▶ [ACTIVITY]:
Repeat all the data exactly, and where a record holds a picture, leave that picture out.

----

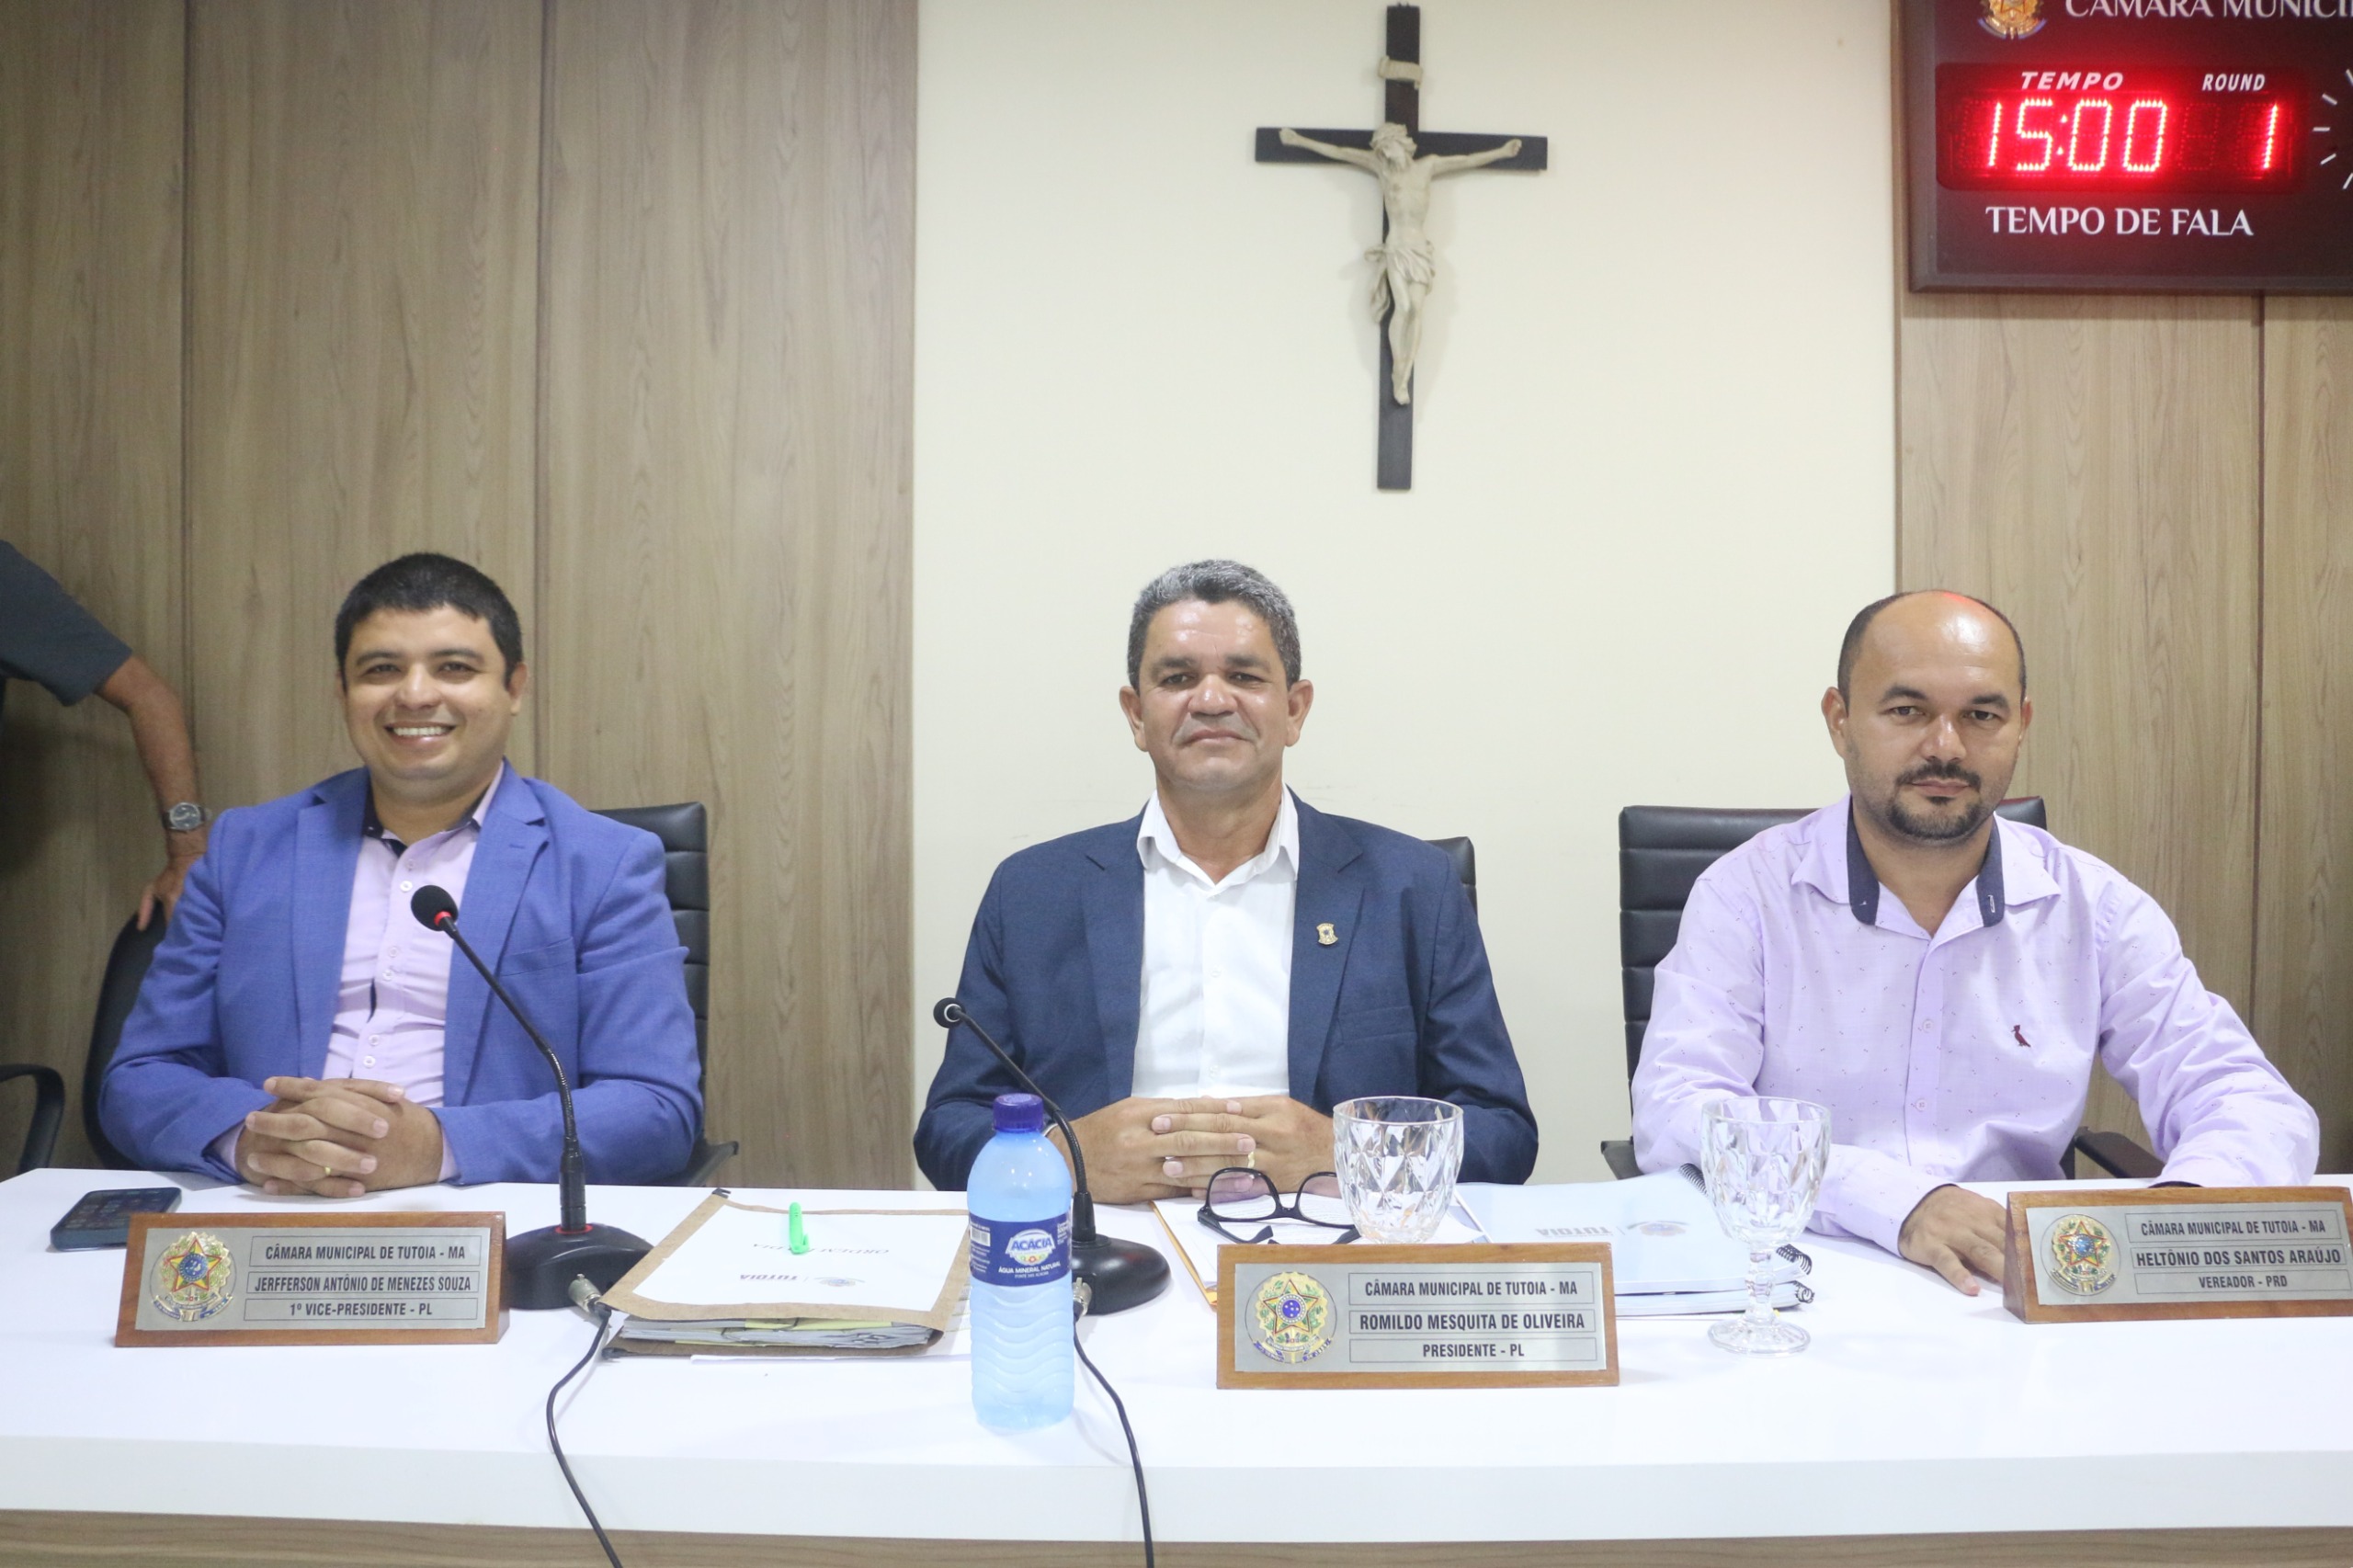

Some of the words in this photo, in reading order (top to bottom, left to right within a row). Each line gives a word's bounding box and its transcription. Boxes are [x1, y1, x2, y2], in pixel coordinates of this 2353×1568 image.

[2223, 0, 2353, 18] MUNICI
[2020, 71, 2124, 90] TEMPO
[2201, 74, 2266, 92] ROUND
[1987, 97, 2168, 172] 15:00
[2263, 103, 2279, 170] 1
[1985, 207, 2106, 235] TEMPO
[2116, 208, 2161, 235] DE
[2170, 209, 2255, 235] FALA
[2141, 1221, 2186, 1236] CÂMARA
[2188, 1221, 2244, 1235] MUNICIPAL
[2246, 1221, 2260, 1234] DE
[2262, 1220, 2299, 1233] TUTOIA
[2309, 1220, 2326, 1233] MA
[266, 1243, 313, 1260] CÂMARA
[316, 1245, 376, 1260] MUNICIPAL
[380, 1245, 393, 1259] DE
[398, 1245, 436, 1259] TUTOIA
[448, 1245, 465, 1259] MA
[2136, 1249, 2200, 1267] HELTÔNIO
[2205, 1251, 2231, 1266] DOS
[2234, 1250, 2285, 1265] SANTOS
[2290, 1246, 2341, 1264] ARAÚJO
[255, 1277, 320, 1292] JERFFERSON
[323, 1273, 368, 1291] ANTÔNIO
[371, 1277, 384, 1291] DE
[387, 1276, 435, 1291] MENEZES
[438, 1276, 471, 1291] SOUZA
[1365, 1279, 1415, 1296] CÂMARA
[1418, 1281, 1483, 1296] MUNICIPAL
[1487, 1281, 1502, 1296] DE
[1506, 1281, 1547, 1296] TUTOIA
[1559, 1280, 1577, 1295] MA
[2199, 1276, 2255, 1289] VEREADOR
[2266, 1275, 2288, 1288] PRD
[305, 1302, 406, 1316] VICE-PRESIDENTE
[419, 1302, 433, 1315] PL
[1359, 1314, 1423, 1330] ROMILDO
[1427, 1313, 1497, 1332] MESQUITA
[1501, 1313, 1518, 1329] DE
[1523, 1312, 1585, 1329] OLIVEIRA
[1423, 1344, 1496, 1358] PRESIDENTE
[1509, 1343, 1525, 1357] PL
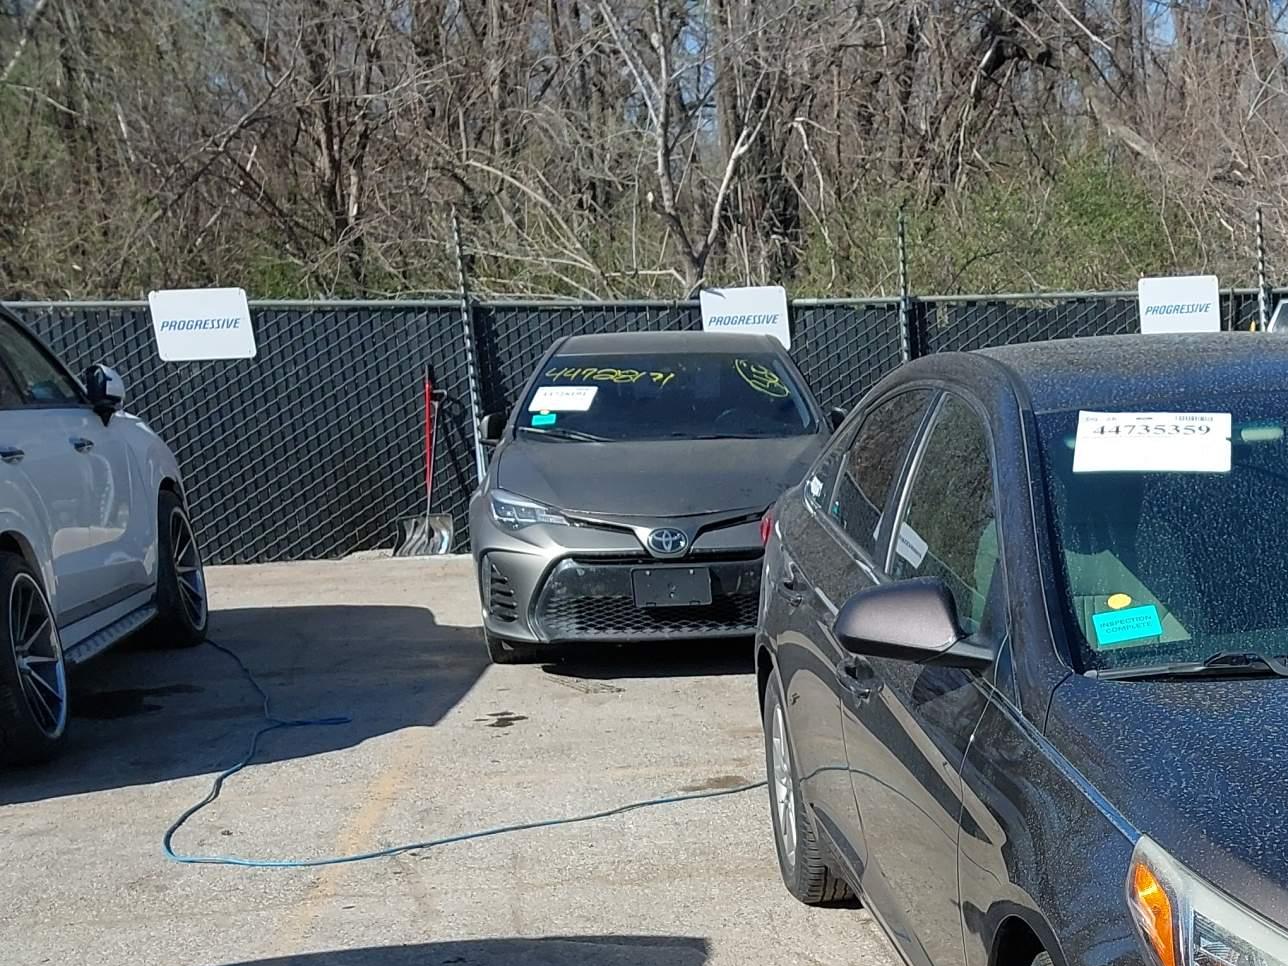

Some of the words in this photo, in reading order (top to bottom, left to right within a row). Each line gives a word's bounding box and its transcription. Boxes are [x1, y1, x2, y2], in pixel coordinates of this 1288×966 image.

----

▶ [TASK SOLUTION]:
Some of the words in this photo, in reading order (top to bottom, left to right within a row). Each line gives a word's bounding box and its transcription. Boxes are [x1, y1, x2, y2], in pixel coordinates of this 2353×1568 image.

[2223, 0, 2353, 18] MUNICI
[2020, 71, 2124, 90] TEMPO
[2201, 74, 2266, 92] ROUND
[1987, 97, 2168, 172] 15:00
[2263, 103, 2279, 170] 1
[1985, 207, 2106, 235] TEMPO
[2116, 208, 2161, 235] DE
[2170, 209, 2255, 235] FALA
[2141, 1221, 2186, 1236] CÂMARA
[2188, 1221, 2244, 1235] MUNICIPAL
[2246, 1221, 2260, 1234] DE
[2262, 1220, 2299, 1233] TUTOIA
[2309, 1220, 2326, 1233] MA
[266, 1243, 313, 1260] CÂMARA
[316, 1245, 376, 1260] MUNICIPAL
[380, 1245, 393, 1259] DE
[398, 1245, 436, 1259] TUTOIA
[448, 1245, 465, 1259] MA
[2136, 1249, 2200, 1267] HELTÔNIO
[2205, 1251, 2231, 1266] DOS
[2234, 1250, 2285, 1265] SANTOS
[2290, 1246, 2341, 1264] ARAÚJO
[255, 1277, 320, 1292] JERFFERSON
[323, 1273, 368, 1291] ANTÔNIO
[371, 1277, 384, 1291] DE
[387, 1276, 435, 1291] MENEZES
[438, 1276, 471, 1291] SOUZA
[1365, 1279, 1415, 1296] CÂMARA
[1418, 1281, 1483, 1296] MUNICIPAL
[1487, 1281, 1502, 1296] DE
[1506, 1281, 1547, 1296] TUTOIA
[1559, 1280, 1577, 1295] MA
[2199, 1276, 2255, 1289] VEREADOR
[2266, 1275, 2288, 1288] PRD
[305, 1302, 406, 1316] VICE-PRESIDENTE
[419, 1302, 433, 1315] PL
[1359, 1314, 1423, 1330] ROMILDO
[1427, 1313, 1497, 1332] MESQUITA
[1501, 1313, 1518, 1329] DE
[1523, 1312, 1585, 1329] OLIVEIRA
[1423, 1344, 1496, 1358] PRESIDENTE
[1509, 1343, 1525, 1357] PL

Some of the words in this photo, in reading order (top to bottom, left to right within a row). Each line gives a word's bounding box and its transcription. Boxes are [x1, y1, x2, y2], in pixel coordinates of this 1288×966 image.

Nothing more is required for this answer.